About this exercise —
Leave out the images and repeat every entry below exactly.

Record set —
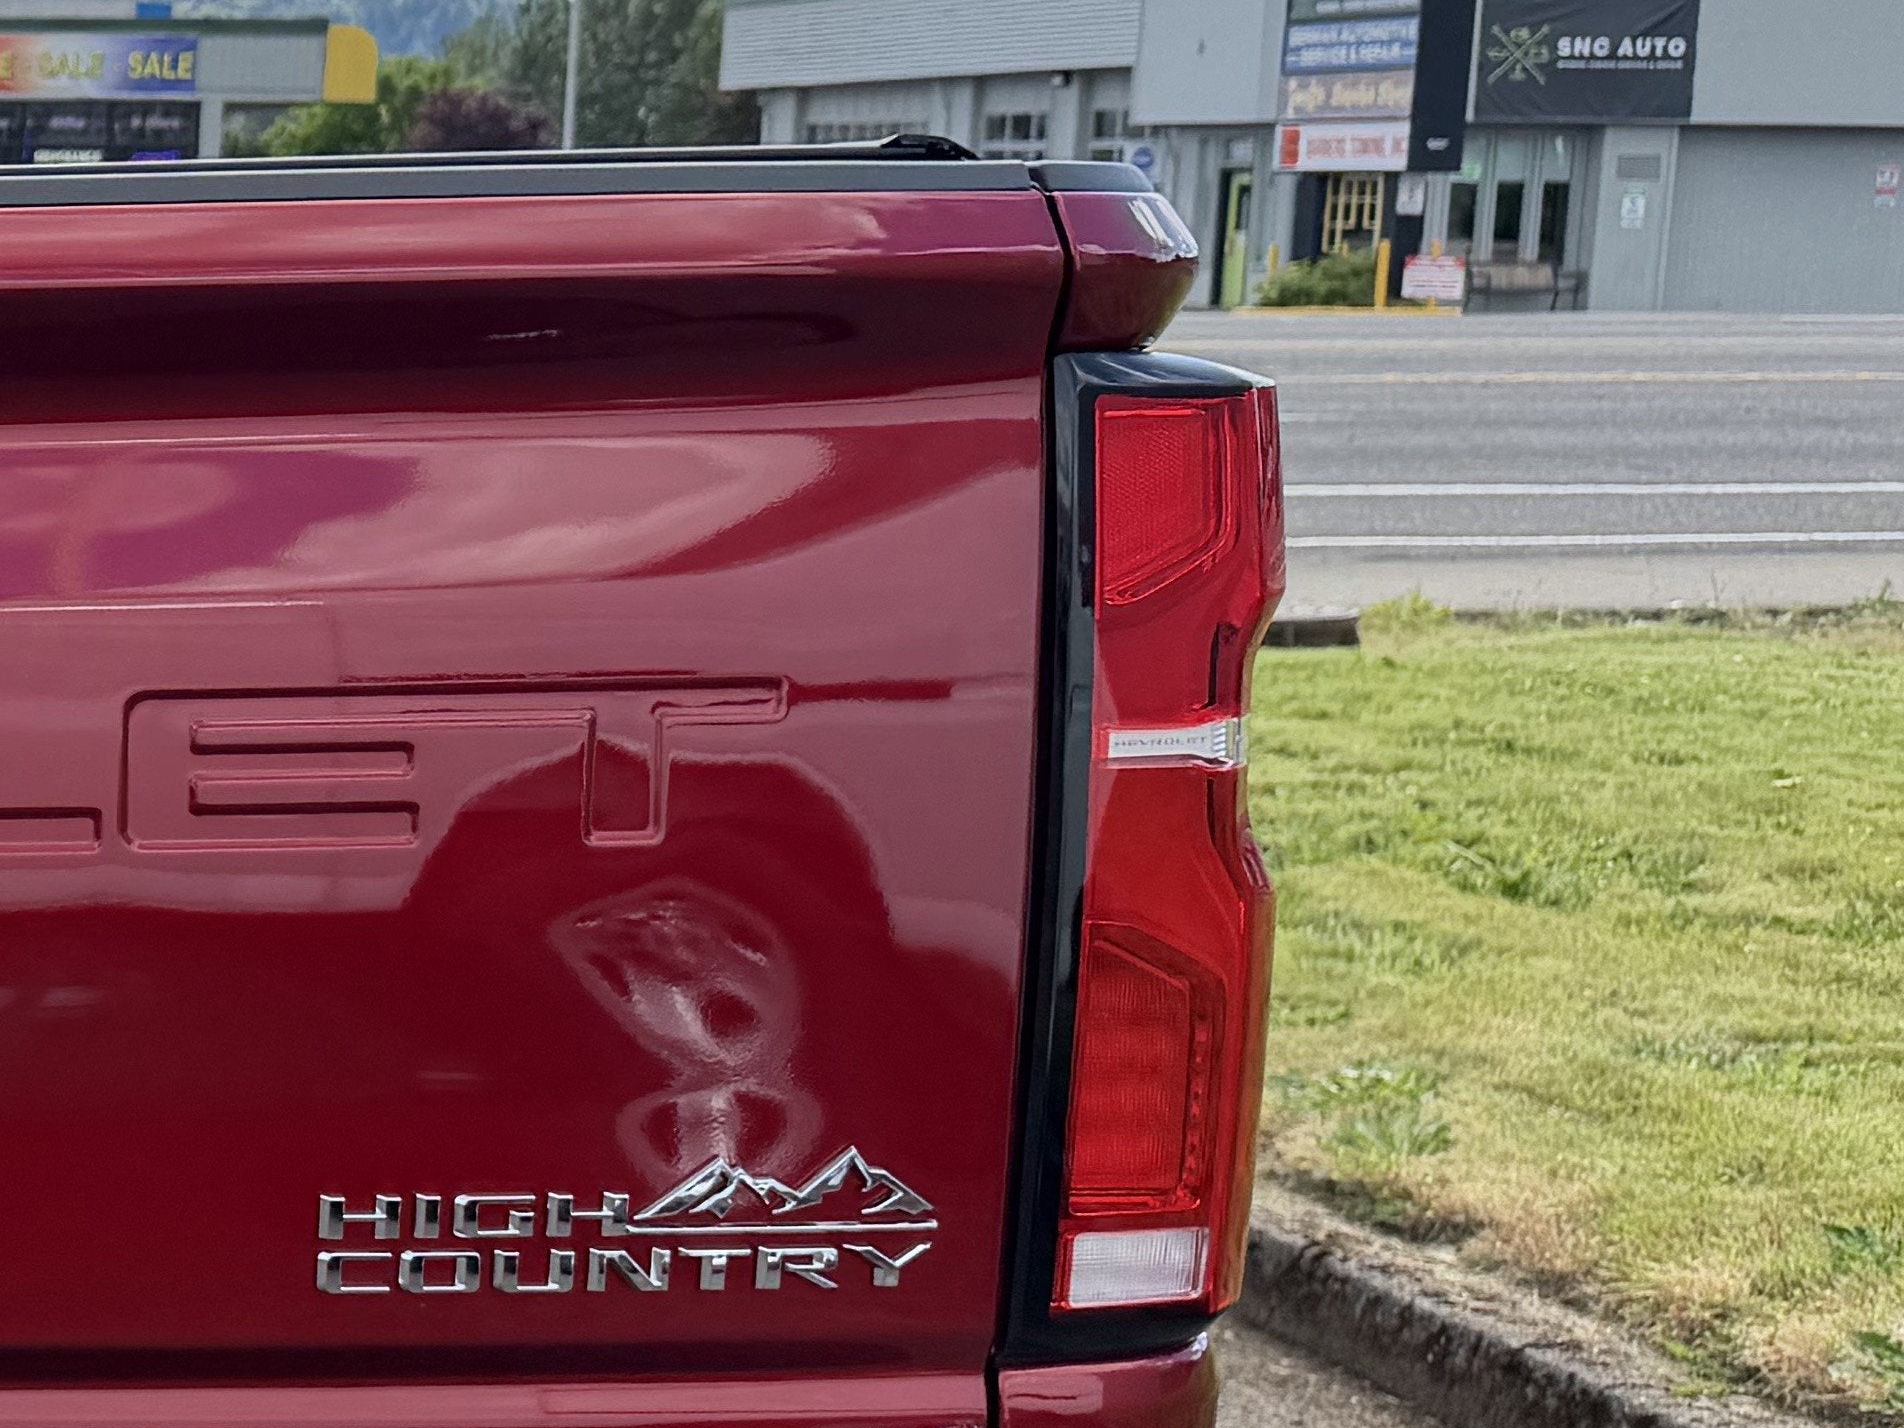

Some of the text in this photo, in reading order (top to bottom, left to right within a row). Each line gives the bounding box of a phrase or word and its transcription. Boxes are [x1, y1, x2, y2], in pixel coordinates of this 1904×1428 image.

[128, 49, 195, 80] SALE
[1616, 35, 1688, 58] AUTO
[318, 1191, 631, 1240] HIGH
[315, 1241, 935, 1294] COUNTRY

Answer box —
Some of the text in this photo, in reading order (top to bottom, left to right within a row). Each line gives the bounding box of a phrase or word and its transcription. Boxes are [x1, y1, x2, y2], in pixel coordinates of this 1904×1428 image.

[128, 49, 195, 80] SALE
[1616, 35, 1688, 58] AUTO
[318, 1191, 631, 1240] HIGH
[315, 1241, 935, 1294] COUNTRY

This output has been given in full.